Given data:
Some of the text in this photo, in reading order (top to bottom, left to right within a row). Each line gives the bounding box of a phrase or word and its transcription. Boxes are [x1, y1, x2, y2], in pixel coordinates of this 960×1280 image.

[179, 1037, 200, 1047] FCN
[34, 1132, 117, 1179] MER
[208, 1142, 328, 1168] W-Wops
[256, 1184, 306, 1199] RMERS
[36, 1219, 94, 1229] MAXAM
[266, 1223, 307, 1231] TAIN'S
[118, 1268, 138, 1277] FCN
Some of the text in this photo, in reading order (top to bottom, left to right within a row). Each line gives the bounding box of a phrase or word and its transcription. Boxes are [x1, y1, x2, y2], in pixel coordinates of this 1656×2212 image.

---

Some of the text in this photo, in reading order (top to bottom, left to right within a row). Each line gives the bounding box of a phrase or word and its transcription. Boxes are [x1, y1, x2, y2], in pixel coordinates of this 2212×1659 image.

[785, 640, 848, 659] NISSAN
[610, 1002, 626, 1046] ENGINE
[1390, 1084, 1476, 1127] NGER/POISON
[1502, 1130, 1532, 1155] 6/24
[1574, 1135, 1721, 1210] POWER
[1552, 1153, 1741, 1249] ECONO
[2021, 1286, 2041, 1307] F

Exercise instructions: Using the entries above, output exactly the lines between the line holding "this 960×1280 image." and the line holding "this 1656×2212 image.", end lines included, and nothing more.

Solution below:
Some of the text in this photo, in reading order (top to bottom, left to right within a row). Each line gives the bounding box of a phrase or word and its transcription. Boxes are [x1, y1, x2, y2], in pixel coordinates of this 960×1280 image.

[179, 1037, 200, 1047] FCN
[34, 1132, 117, 1179] MER
[208, 1142, 328, 1168] W-Wops
[256, 1184, 306, 1199] RMERS
[36, 1219, 94, 1229] MAXAM
[266, 1223, 307, 1231] TAIN'S
[118, 1268, 138, 1277] FCN
Some of the text in this photo, in reading order (top to bottom, left to right within a row). Each line gives the bounding box of a phrase or word and its transcription. Boxes are [x1, y1, x2, y2], in pixel coordinates of this 1656×2212 image.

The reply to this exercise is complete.